Using Biologics for Ulcerative Colitis: Doctor Q&A

Editor

Ulcerative Colitis (UC) is a complicated inflammatory bowel disease (IBD) condition. There are a wide array of treatments and lifestyle changes required for UC. One such treatment option is biologics. Dr. Constance A. Pietrzak, a gastroenterologist at Advocate Medical Group in Chicago, explains what you should know before considering this IBD treatment option.

How do biologics work to treat UC?

In ulcerative colitis (UC), biologics work by blocking the immune response. They act on specific targets which play a role in increasing or decreasing inflammation that are lacking, not working, or in excess in the gut lining, rather than suppressing the entire immune system. These targets include tumor necrosis factor (TNF)-alpha, interleukins, adhesion molecules, colony-stimulating factors, and others.  Biologics can increase the anti-inflammatory response, thereby improving disease.

Which biologics are available to treat UC?

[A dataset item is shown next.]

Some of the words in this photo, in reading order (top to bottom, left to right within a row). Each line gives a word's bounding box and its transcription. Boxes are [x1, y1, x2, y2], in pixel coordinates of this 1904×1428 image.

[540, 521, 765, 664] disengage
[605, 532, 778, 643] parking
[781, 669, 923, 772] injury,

Infliximab and recently adalimumab, TNF-alpha inhibitors, are approved for treatment and maintenance of remission for moderate to severe UC that does not respond well to more conventional treatments.  Vedolizumab, an integrin receptor antagonist, can be used to treat moderate to severe UC unresponsive to infliximab, immunomodulators, or in those who remain steroid-dependent. Golimumab, another TNF-alpha inhibitor, is approved for those with moderate to severe UC who are steroid-dependent or failure to respond to other UC treatment options, such as 5-ASA’s or immunomodulators.

When should someone consider using biologics?

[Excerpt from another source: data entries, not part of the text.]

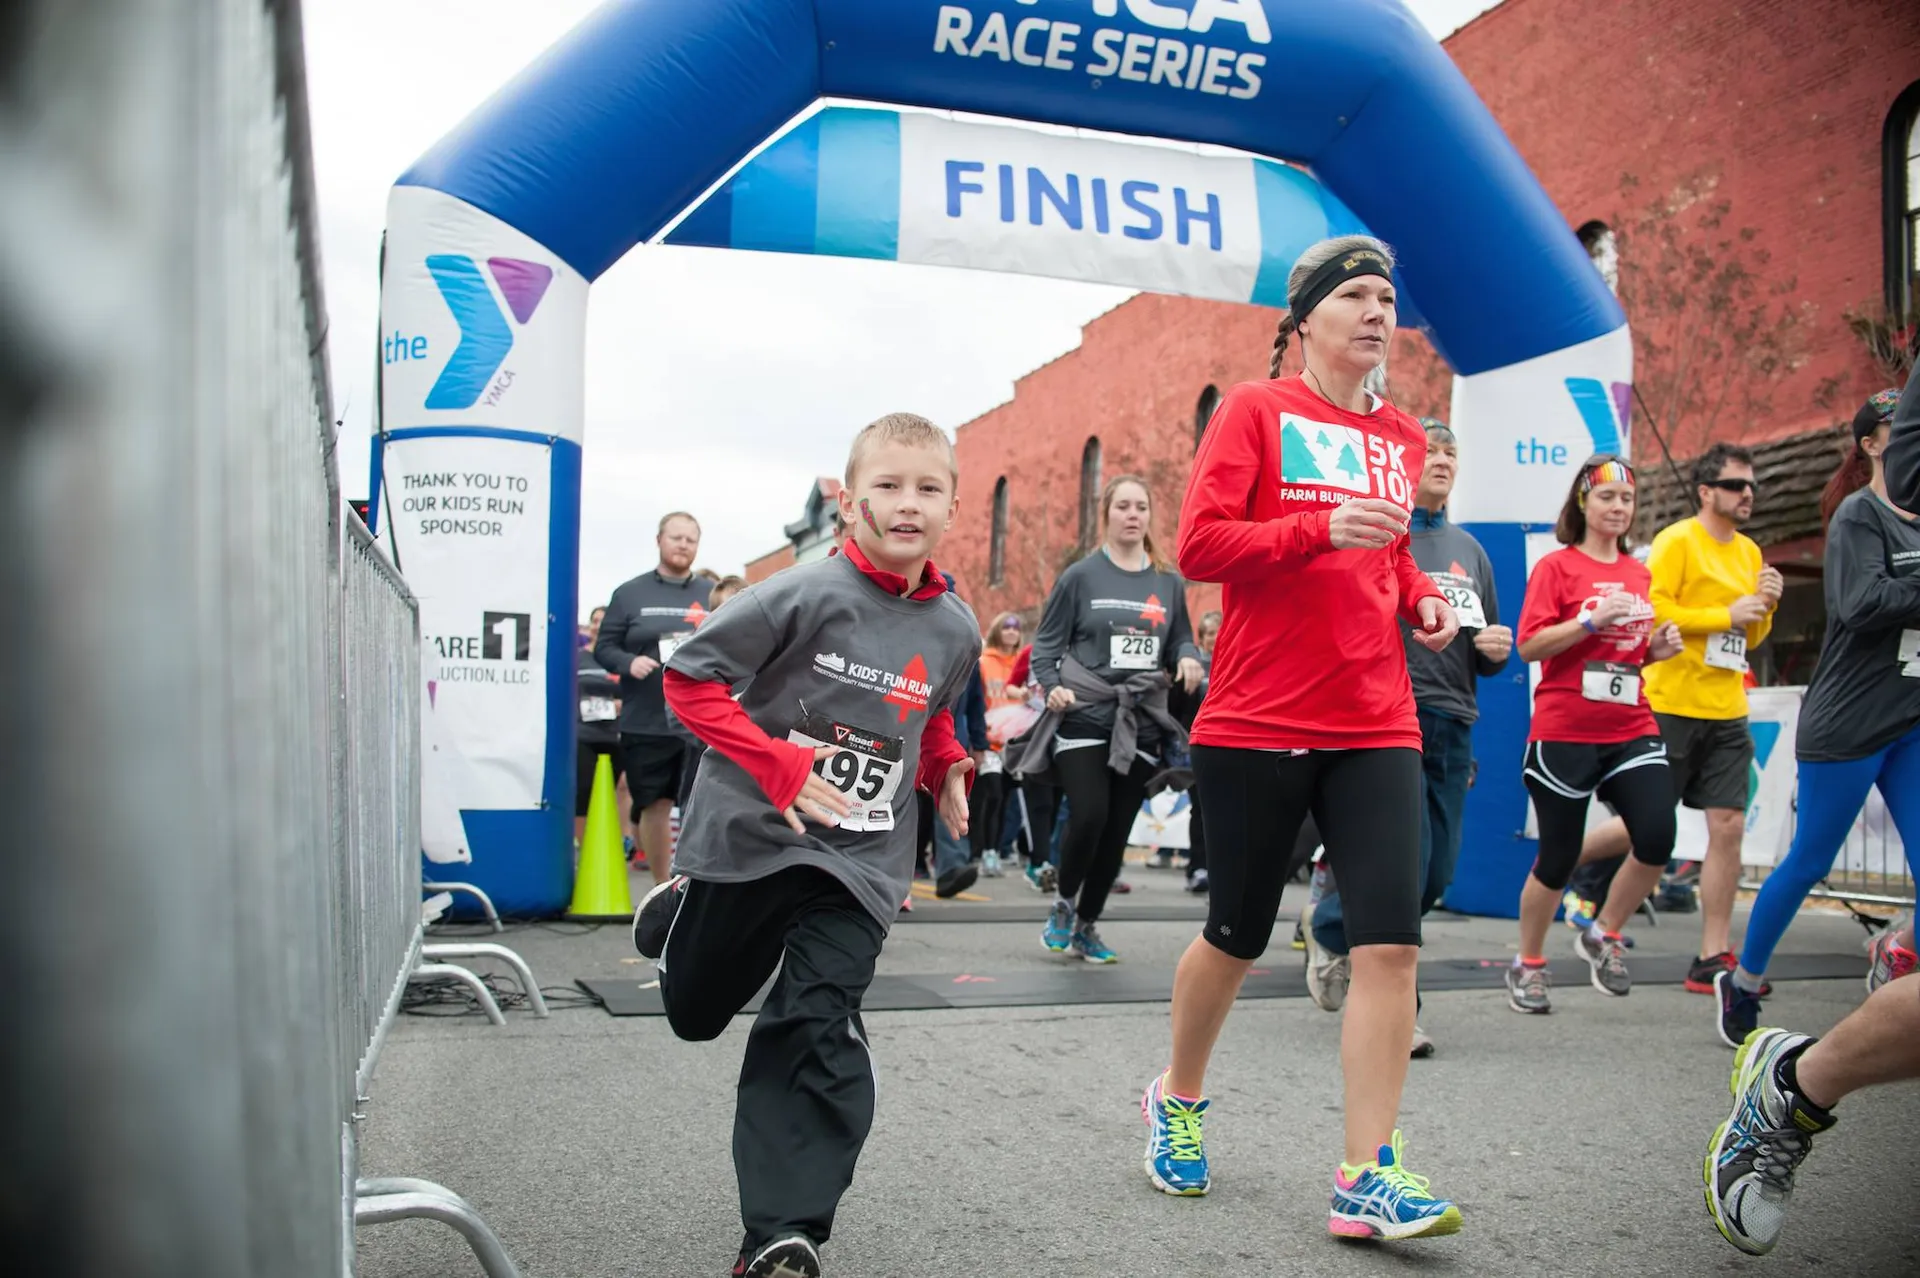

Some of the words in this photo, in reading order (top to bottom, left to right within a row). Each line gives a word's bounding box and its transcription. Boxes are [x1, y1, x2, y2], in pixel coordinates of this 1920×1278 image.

[933, 5, 1081, 70] RACE
[1086, 28, 1267, 99] SERIES
[945, 160, 1222, 251] FINISH
[385, 331, 428, 364] the
[483, 369, 516, 408] YMCA
[1368, 433, 1407, 477] 5K
[1515, 437, 1568, 466] the
[402, 472, 458, 490] THANK
[462, 473, 501, 489] YOU
[505, 476, 528, 492] TO
[402, 496, 437, 513] OUR
[442, 496, 482, 511] KIDS
[487, 498, 524, 515] RUN
[1280, 488, 1317, 502] FARM
[1320, 490, 1357, 505] BURE
[420, 519, 503, 536] SPONSOR
[1122, 637, 1154, 655] 278
[1721, 635, 1743, 656] 211
[437, 666, 499, 685] UCTION,
[503, 668, 530, 684] LLC
[848, 662, 882, 683] KIDS'
[882, 671, 908, 691] FUN
[907, 679, 933, 697] RUN
[1609, 676, 1624, 696] 6

Patients with active UC are usually treated first with conventional therapies, including 5-ASA’s, corticosteroids, and immunomodulators. If patients with moderate to severe active UC do not respond to these conventional therapies, or steroids cannot be stopped, then biologics are used to induce and/or maintain remission.

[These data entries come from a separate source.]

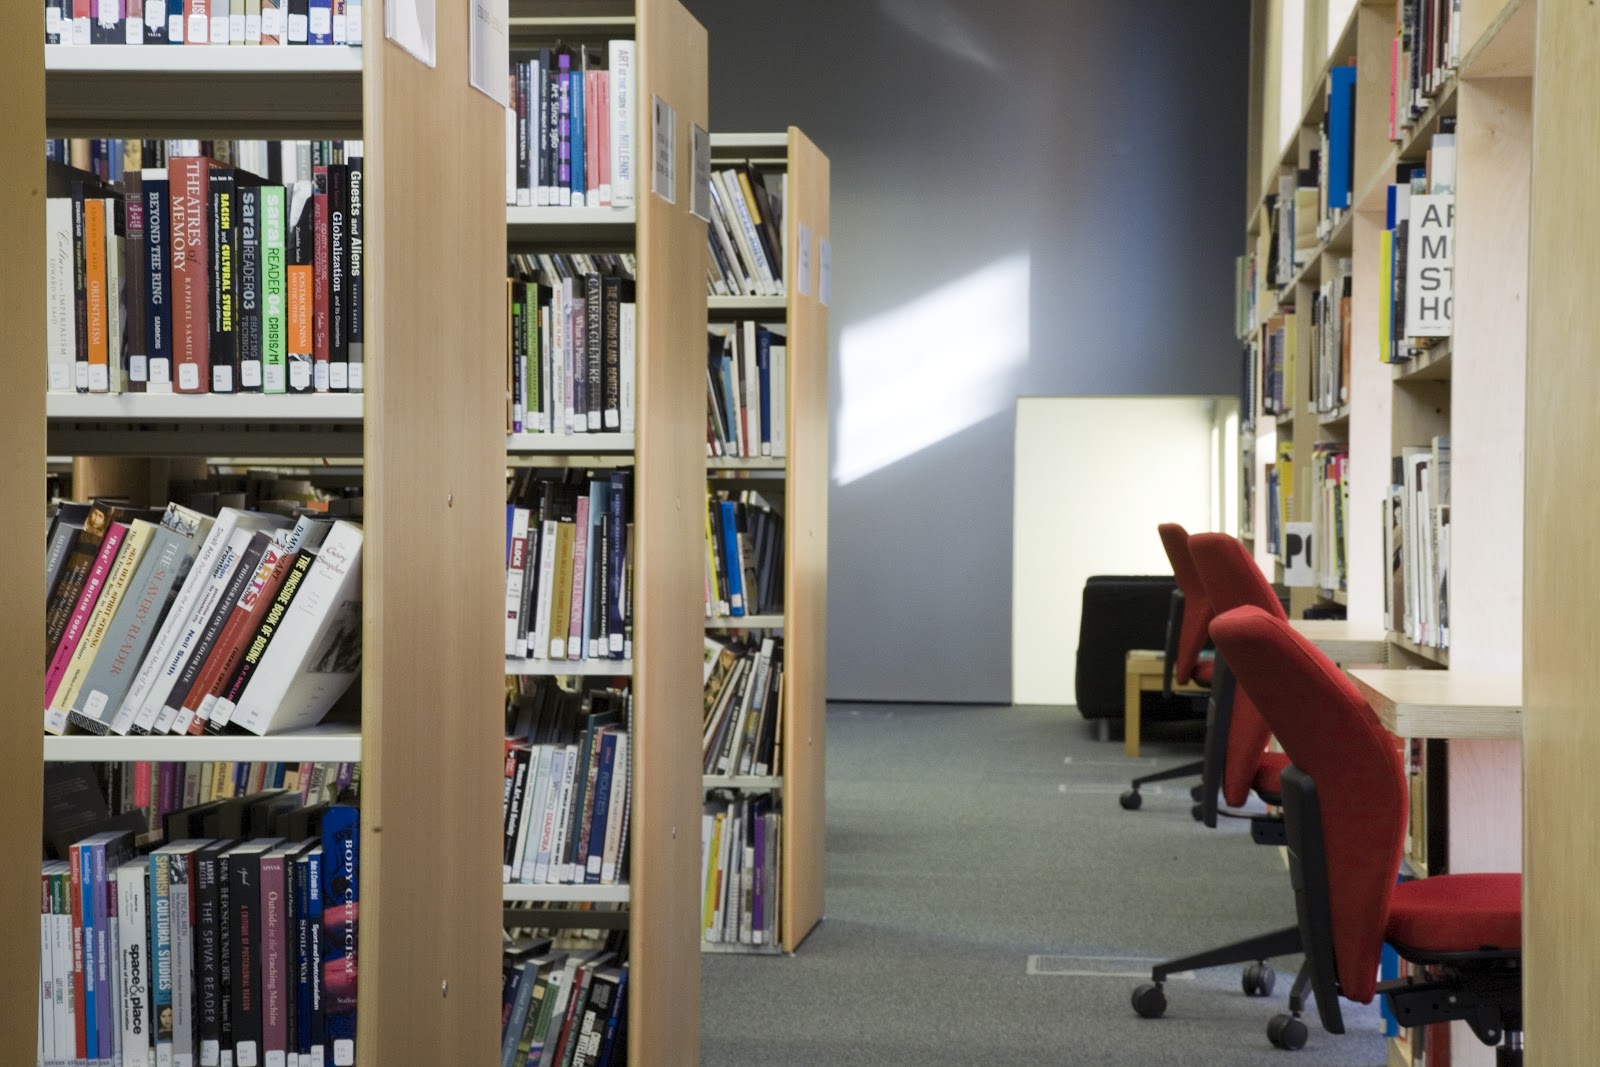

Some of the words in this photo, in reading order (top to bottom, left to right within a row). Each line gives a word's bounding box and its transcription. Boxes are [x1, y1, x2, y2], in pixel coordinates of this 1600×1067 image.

[618, 50, 629, 68] ART
[551, 84, 560, 98] Art
[550, 102, 560, 126] Since
[549, 128, 559, 149] 1960
[186, 160, 201, 247] THEATRES
[350, 171, 362, 216] Guests
[148, 192, 161, 244] BEYOND
[221, 193, 230, 230] RACISM
[351, 218, 359, 236] and
[171, 196, 186, 272] MEMORY
[151, 246, 161, 268] THE
[186, 249, 201, 264] of
[221, 244, 231, 292] CULTURAL
[332, 211, 343, 292] Globalization
[350, 238, 362, 276] Aliens
[152, 272, 162, 305] RING
[184, 277, 192, 320] RAPHAEL
[588, 278, 599, 331] CAMERA
[90, 280, 101, 345] ORIENTALISM
[222, 294, 232, 332] STUDIES
[298, 272, 307, 348] POSTMODERNISM
[575, 316, 584, 338] What
[154, 316, 162, 350] SAMMONS
[184, 324, 193, 362] SAMUEL
[250, 316, 258, 357] SHAPING
[45, 533, 66, 573] SILVERMAN
[159, 538, 180, 568] THE
[202, 544, 215, 561] Acts
[210, 526, 225, 546] Small
[514, 538, 522, 567] BLOCK
[125, 546, 137, 566] SKIN
[210, 544, 234, 580] Frontier
[217, 553, 236, 581] Urban
[294, 552, 312, 571] THE
[133, 566, 167, 623] SLAVERY
[218, 562, 251, 615] PHOTOGRAPHY
[241, 548, 281, 608] ARTS
[276, 568, 304, 606] RINGSIDE
[212, 614, 223, 626] ON
[259, 623, 274, 637] OF
[265, 601, 285, 627] BOOK
[90, 617, 107, 649] STRONG
[109, 622, 142, 677] READER
[181, 628, 196, 649] Neil
[204, 625, 217, 642] THE
[244, 633, 268, 665] BOXING
[165, 648, 185, 677] Smith
[191, 640, 209, 666] COLOR
[181, 664, 196, 684] LINE
[565, 751, 575, 784] CHOMSKY
[72, 851, 80, 884] Soundings
[84, 851, 92, 885] Soundings
[96, 850, 104, 882] Soundings
[155, 855, 170, 897] SPANISH
[346, 840, 354, 884] BODY
[42, 880, 50, 914] Soundings
[54, 880, 62, 914] Soundings
[181, 892, 189, 918] TYPICAL
[202, 900, 213, 924] THE
[268, 891, 278, 928] Outside
[156, 899, 171, 948] CULTURAL
[182, 920, 190, 937] MEN
[241, 910, 250, 935] CRITIQUE
[311, 924, 321, 944] Sport
[346, 888, 354, 974] CRITICISM
[202, 930, 214, 972] SPIVAK
[242, 946, 251, 988] POSTCOLONIAL
[158, 950, 172, 991] STUDIES
[268, 953, 278, 989] Teaching
[300, 963, 309, 984] WAR
[312, 957, 321, 1010] Postcolonialism
[204, 977, 215, 1023] READER
[270, 990, 279, 1026] Machine
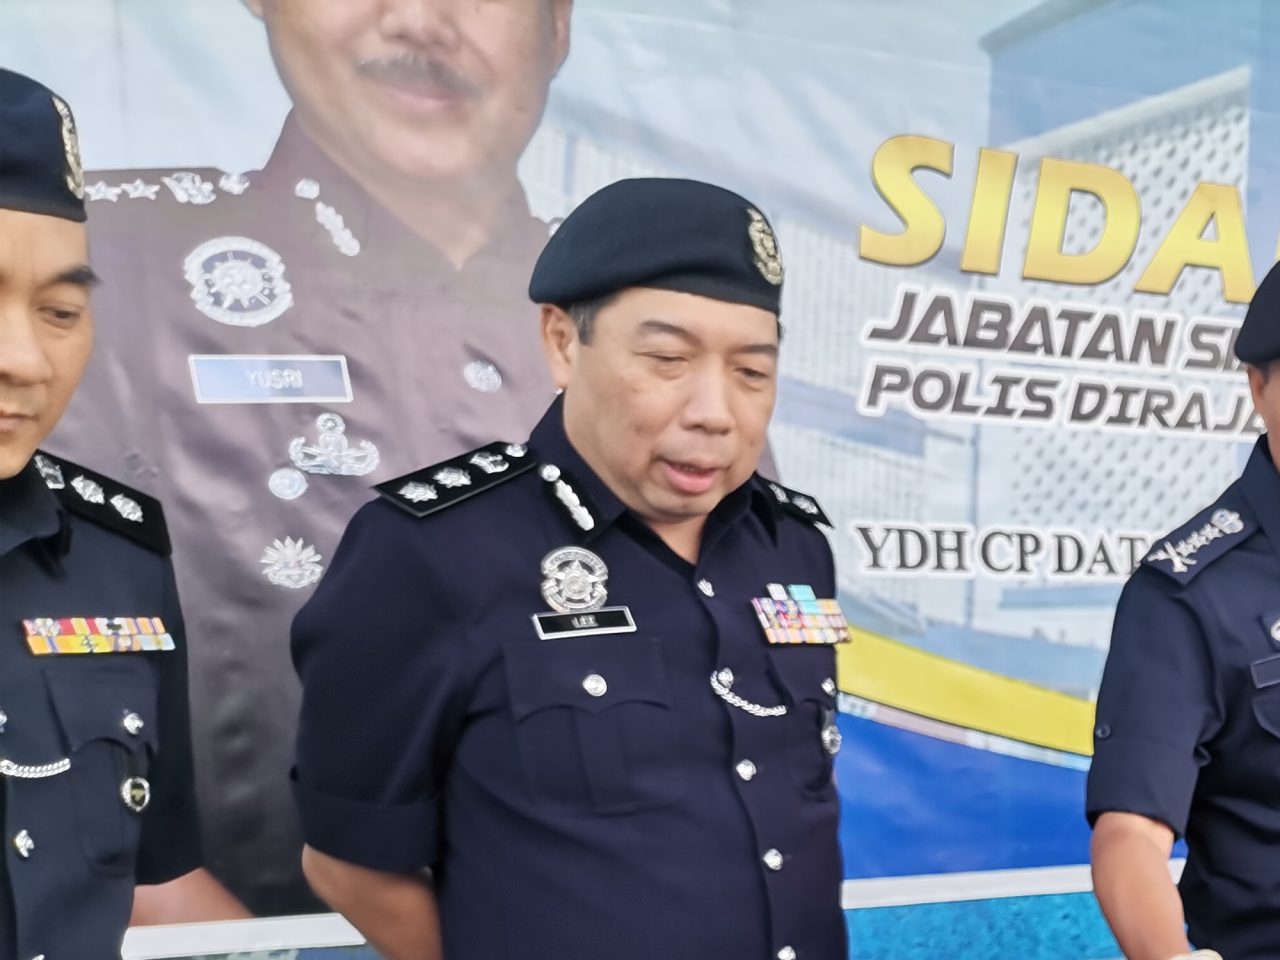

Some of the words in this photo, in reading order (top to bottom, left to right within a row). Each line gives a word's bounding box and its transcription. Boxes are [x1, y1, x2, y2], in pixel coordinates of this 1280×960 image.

[868, 291, 1177, 367] JABATAN
[247, 368, 303, 390] YUSRI
[868, 364, 1061, 420] POLIS
[855, 526, 970, 572] YDH
[980, 530, 1042, 574] CP

What is the usual duration for taking biologics?

Typically, once a biologic is started, it is continued indefinitely. When disease is well-controlled on a regimen, then it is recommended that such a regimen be continued.  Patients who used infliximab, discontinued the medication, and required it again, were found to have diminished response the second time around due to formation of antibodies.

Recently, the concept of de-escalating therapy, where patients on combination therapy are taken off one of these medications, has been studied, particularly in Crohn’s disease. The key is to monitor various clinical factors and for the patient to remain on at least one of the therapies. Stopping all therapy, despite being clinically in remission is not advised.

How effective are biologics in treating UC?

Conventional therapies have had limited efficacy in treating moderate to severe UC, requiring more advanced treatment and even surgery. The use of biologics in treating UC has revolutionized our capabilities in successfully treating UC and achieving mucosal healing.  Clinical response has been shown in up to 60 percent with the use of biologics.  At this time, only a few biologics are approved to treat UC compared to Crohn’s disease. However, these agents are extremely effective in inducing and maintaining remission in patients with moderate to severe UC who have tried using other immunosuppressive therapies.

Do biologics have certain advantages over other treatment options?

The major advantage of biologics over other therapies is their efficacy and, therefore, preventing the need for colectomy surgery. Twenty to 40 percent of patients with UC do not respond to conventional therapies. Another advantage is that these medications are targeted to very specific parts of the immune response, rather than suppressing the entire immune system, resulting in fewer major side effects.

Who should not take biologics?

Caution should be taken in patients with certain medical conditions. Those with a history of tuberculosis (TB) or have been exposed to TB should undergo testing for the disease. If positive, treatment for TB should be started prior to starting biologics. People with uncontrolled heart failure should not use biologics.  People with active infections, certain neurological disorders (multiple sclerosis or autoimmune neurological disorders), or untreated cancers (lymphoma, malignant melanoma, renal cell carcinoma, and lung cancer) should not be started on biologics. Also, patients who are already immunosuppressed for any underlying medical conditions should not use biologics.

Any other advice or information you’d give about biologics?

Biologics are extremely safe and effective medications used to treat moderate to severe UC that is unresponsive to conventional therapies.  It is very important that you work with your doctor when taking these medications and keep them informed of any symptoms you experience, either related to your UC or potential side effects of the medications.  Prior to taking these medications, it is encouraged that you have an extensive discussion with your physician regarding any testing that needs to be completed (TB, Hepatitis B and C viruses), possible side effects from biologics, and potential risk for side effects. Doing so will put you at great ease with starting biologics and also place you in control of your health. It is imperative that you do not stop these medications on your own.  If you do, only restart them with the guidance of your doctor.